Los “riesgos” de ser ganadero o
agricultor en el S. XXI
No cabe ninguna duda de que vivimos
un cambio de época, algo similar a la
Revolución Industrial que se inicia en Gran
Bretaña allá por el S. XVIII y se extiende
durante los siglos XIX y XX con la llamada
Segunda Revolución Industrial.
La aparición de la primera máquina de vapor y
posteriormente la automatización de los procesos
productivos asustaban, y mucho, a los gremios
tradicionales de la época, provocando incertidumbre
y cambios que no dejaban claro que fuese para
mejor. Debido en buena parte a que los avances se
veían lastrados por epidemias, constantes guerras
y hambrunas que no hacían presagiar que los
cambios fuesen a provocar tan importantes cambios
en los sistemas productivos y en las condiciones
socioeconómicas tal como las conocemos hoy día.
Algo similar ocurre actualmente en todos los sectores
y en particular en el sector agrícola y ganadero,
aunque salvando las distancias. Inmersos en plena
Transformación Digital, un sector tan tradicional como el
nuestro se enfrenta diariamente a continuos cambios y
“amenazas” que a priori generan mucha incertidumbre.
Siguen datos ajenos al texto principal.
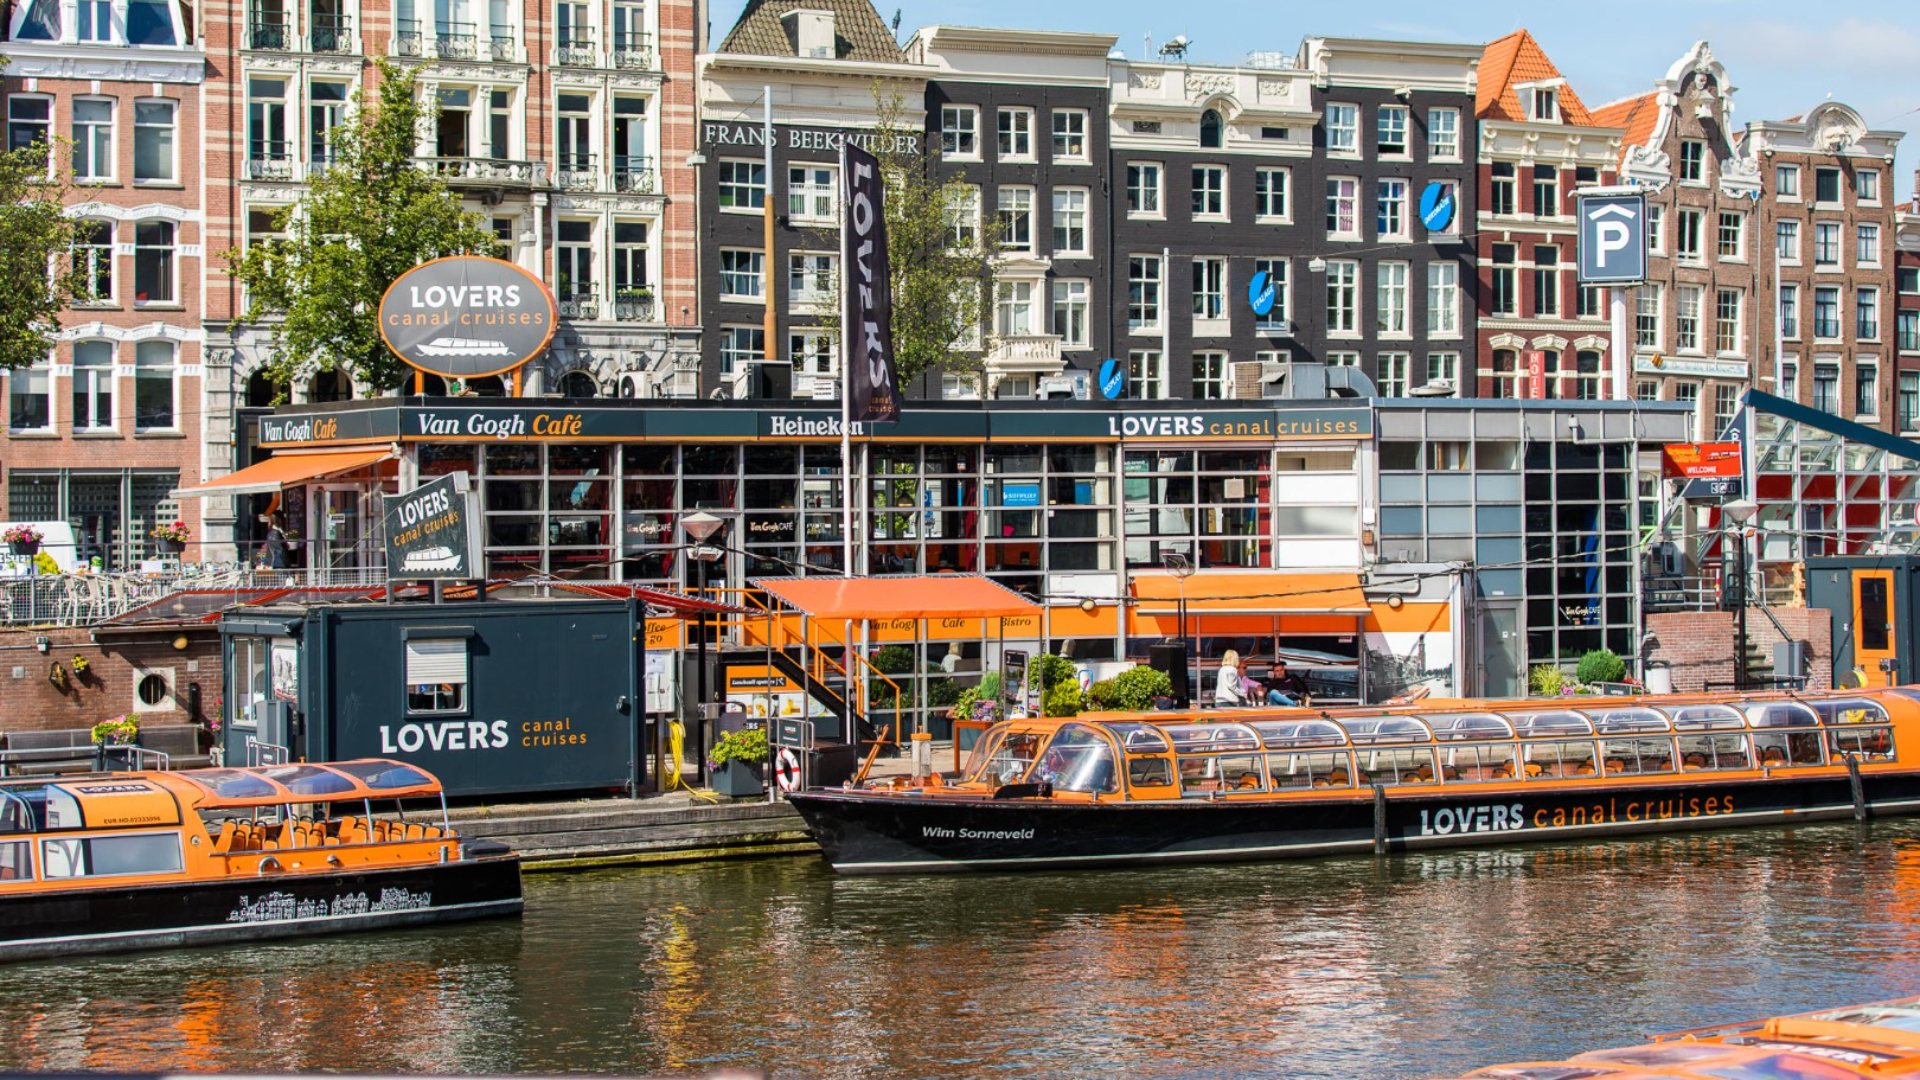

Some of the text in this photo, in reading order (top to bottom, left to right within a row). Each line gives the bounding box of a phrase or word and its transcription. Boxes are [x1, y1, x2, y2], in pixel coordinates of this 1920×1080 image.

Adaptación y cambios en la normativa comunitaria,
coyuntura económica, tendencias de consumo,
necesidad de estar cada ver más formado en temas
técnicos, legales, etc, etc… hacen que nuestro día a día
esté lleno de situaciones que provocan, cuanto menos,
inseguridad.
Todo esto forma parte del proceso de evolución
constante al que estamos sometidos, y al que tenemos
que ir adaptándonos poco a poco. Pero por si esto
fuera poco, existen una serie de riesgos inherentes a
cualquier actividad profesional, incluida la agrícola y
ganadera que es en lo que realmente me quiero centrar
porque sobre esto sí que podemos tener un cierto
control.
Cuando hablo de “riesgos” lo primero que se me viene
a la cabeza es que un Riesgo es aquella situación en la
que podemos correr un peligro tanto económico como
personal y que puede tener consecuencias directas en el
desarrollo de nuestra actividad.
Por esto creo que es muy importante seguir una
estrategia seria y coherente que nos ayude a analizar
dónde están esos riesgos y poner foco en posibles
contingencias en caso de producirse esa situación que
podría dar al traste con esa actividad que tanto nos ha
costado sacar adelante.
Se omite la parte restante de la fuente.